* _BRIEF_
Pictures within the data are to be left out; everything else must be reproduced exactly.

* _EXTRACTED INFORMATION_

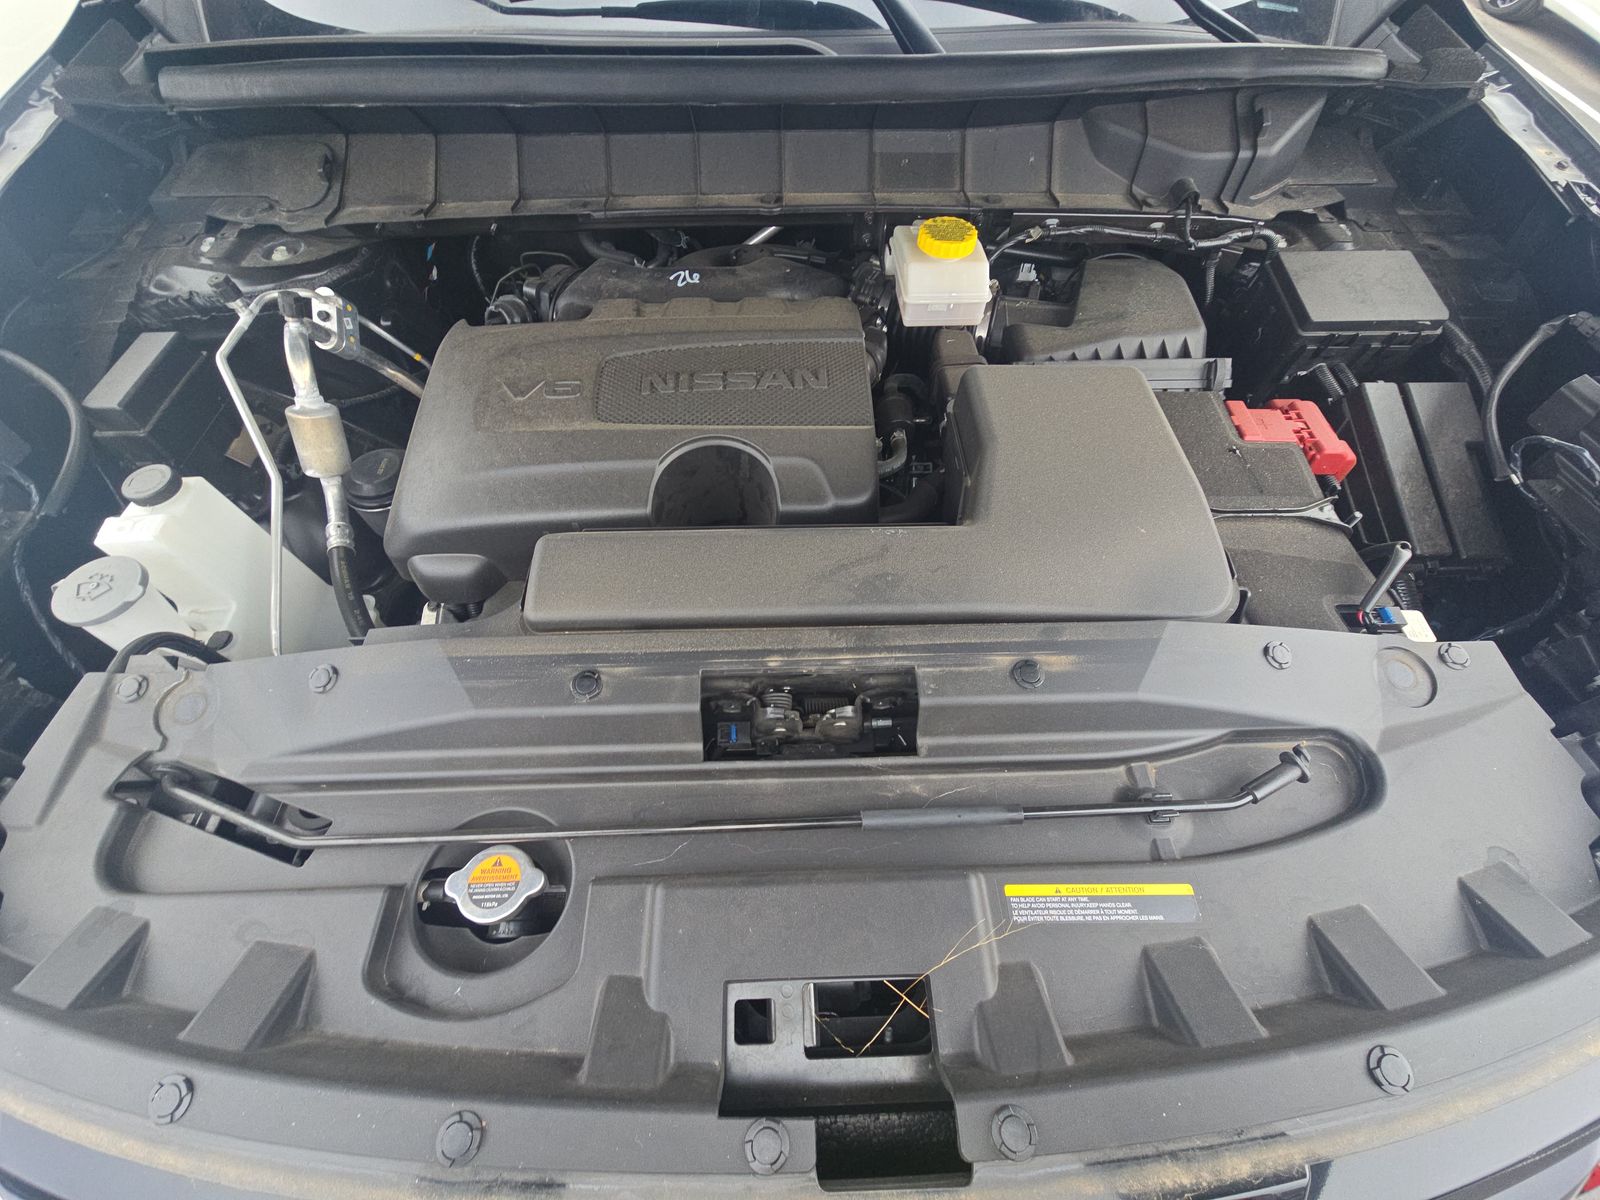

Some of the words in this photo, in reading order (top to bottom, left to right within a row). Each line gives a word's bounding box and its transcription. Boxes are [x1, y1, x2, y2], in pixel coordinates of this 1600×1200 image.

[669, 270, 700, 287] 26
[502, 379, 584, 400] V6
[641, 367, 830, 395] NISSAN
[470, 874, 518, 882] AVERTISSEMENT
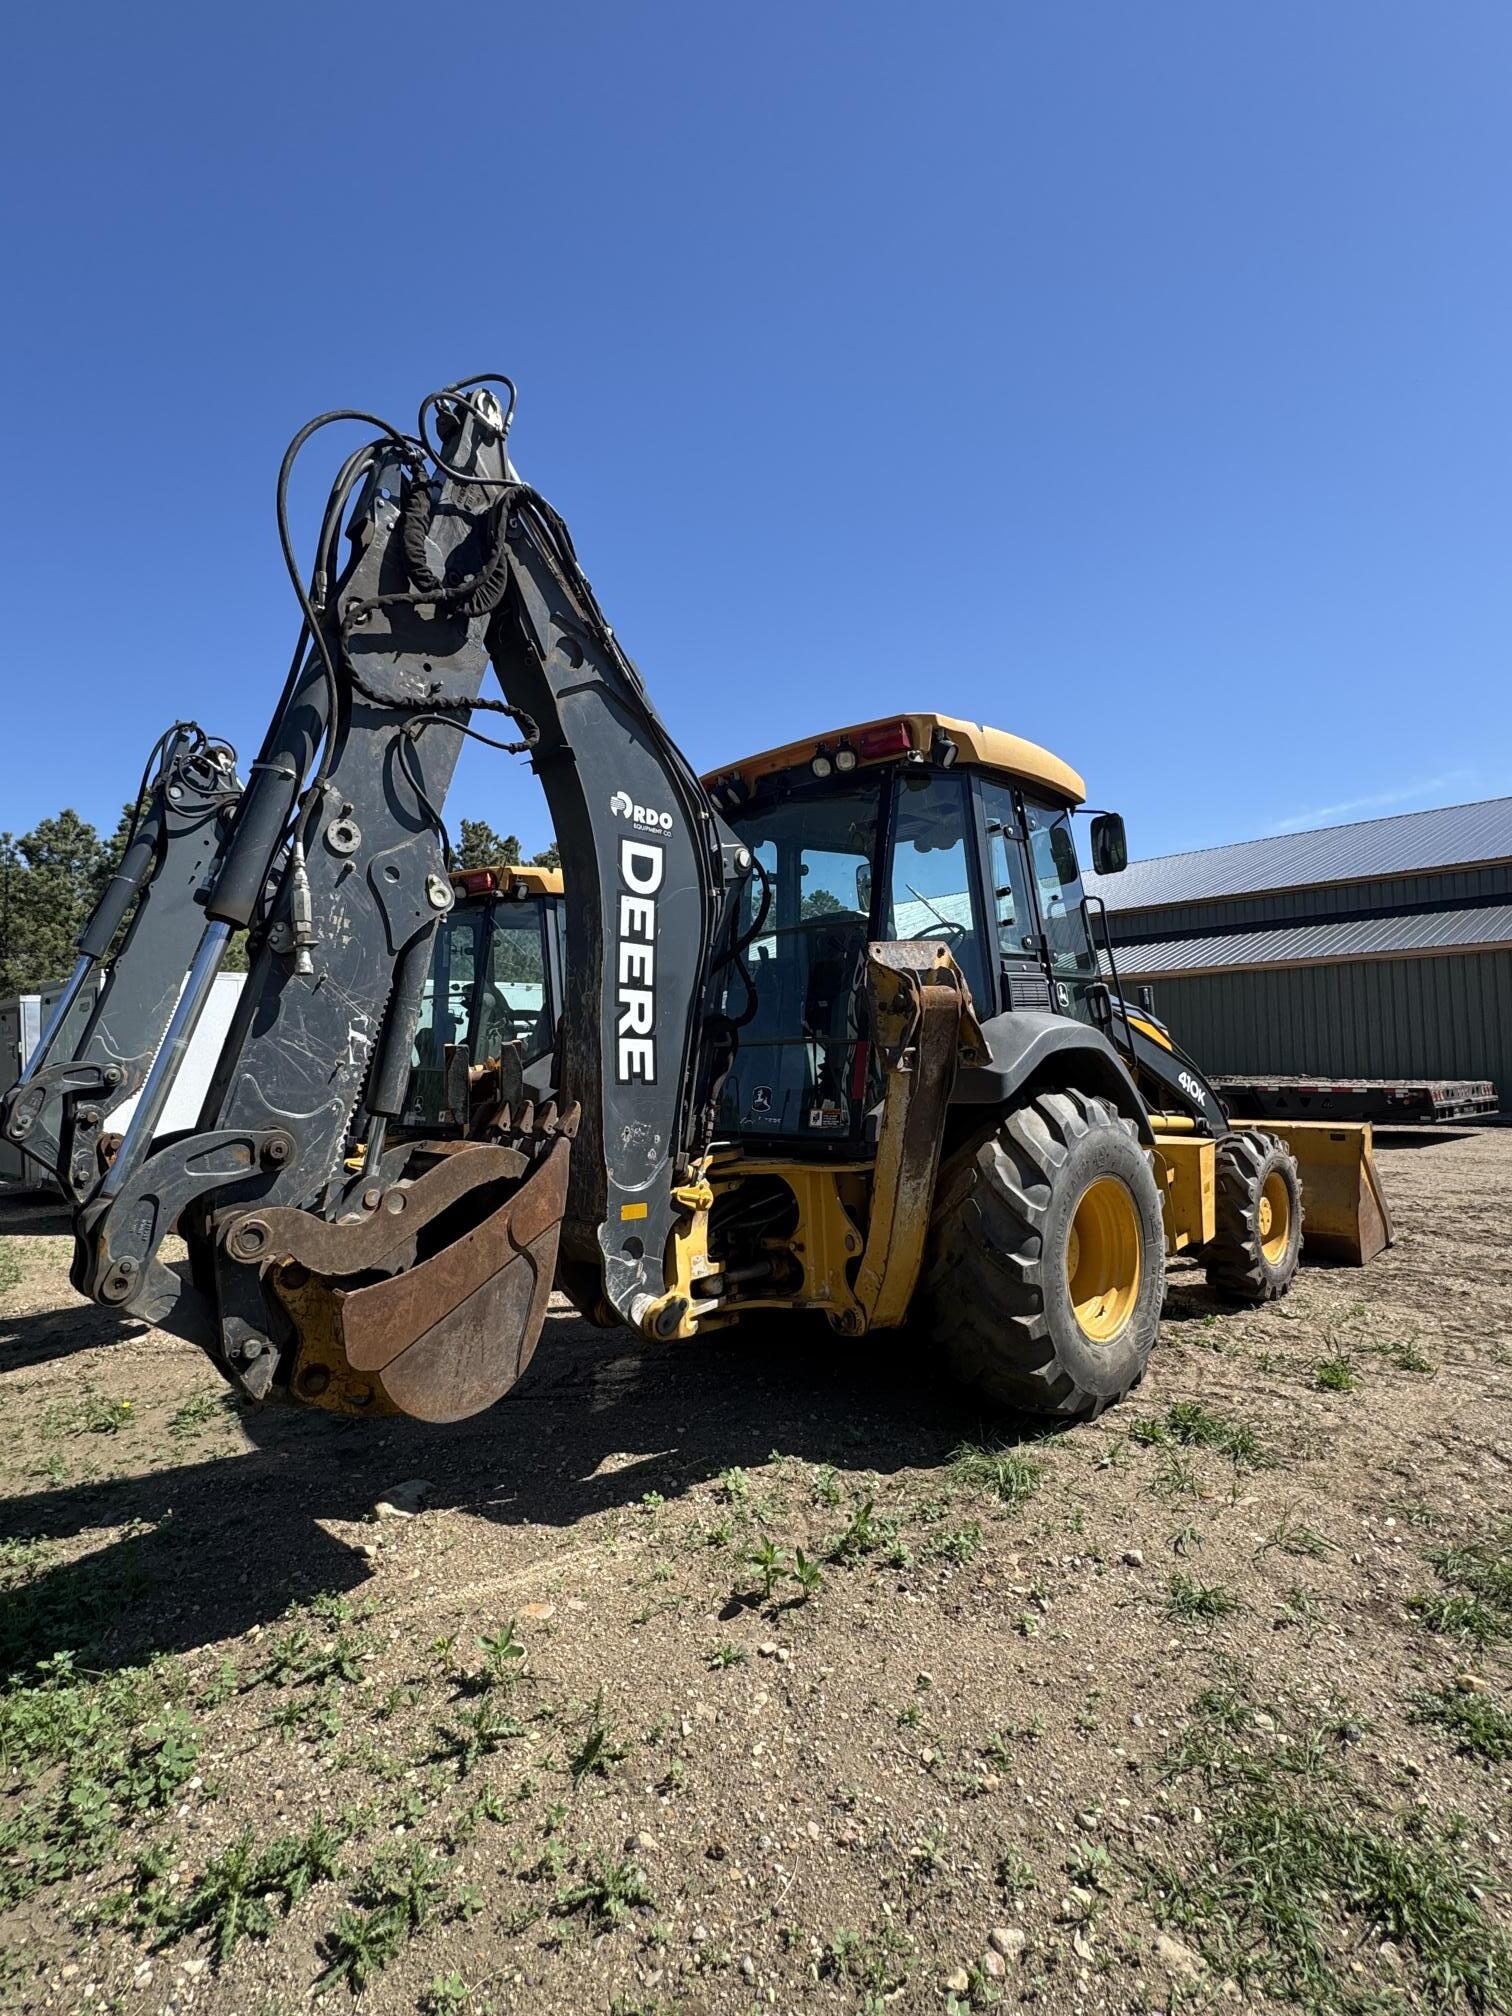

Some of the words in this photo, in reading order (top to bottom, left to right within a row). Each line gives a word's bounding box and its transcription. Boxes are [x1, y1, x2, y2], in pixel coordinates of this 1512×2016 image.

[633, 804, 673, 830] RDO
[633, 822, 663, 836] EQUIPMENT
[618, 839, 663, 1081] DEERE
[1178, 1071, 1206, 1107] 410K

* _ANSWER BOX_
Some of the words in this photo, in reading order (top to bottom, left to right within a row). Each line gives a word's bounding box and its transcription. Boxes are [x1, y1, x2, y2], in pixel coordinates of this 1600×1200 image.

[669, 270, 700, 287] 26
[502, 379, 584, 400] V6
[641, 367, 830, 395] NISSAN
[470, 874, 518, 882] AVERTISSEMENT

Some of the words in this photo, in reading order (top to bottom, left to right within a row). Each line gives a word's bounding box and its transcription. Boxes are [x1, y1, x2, y2], in pixel coordinates of this 1512×2016 image.

[633, 804, 673, 830] RDO
[633, 822, 663, 836] EQUIPMENT
[618, 839, 663, 1081] DEERE
[1178, 1071, 1206, 1107] 410K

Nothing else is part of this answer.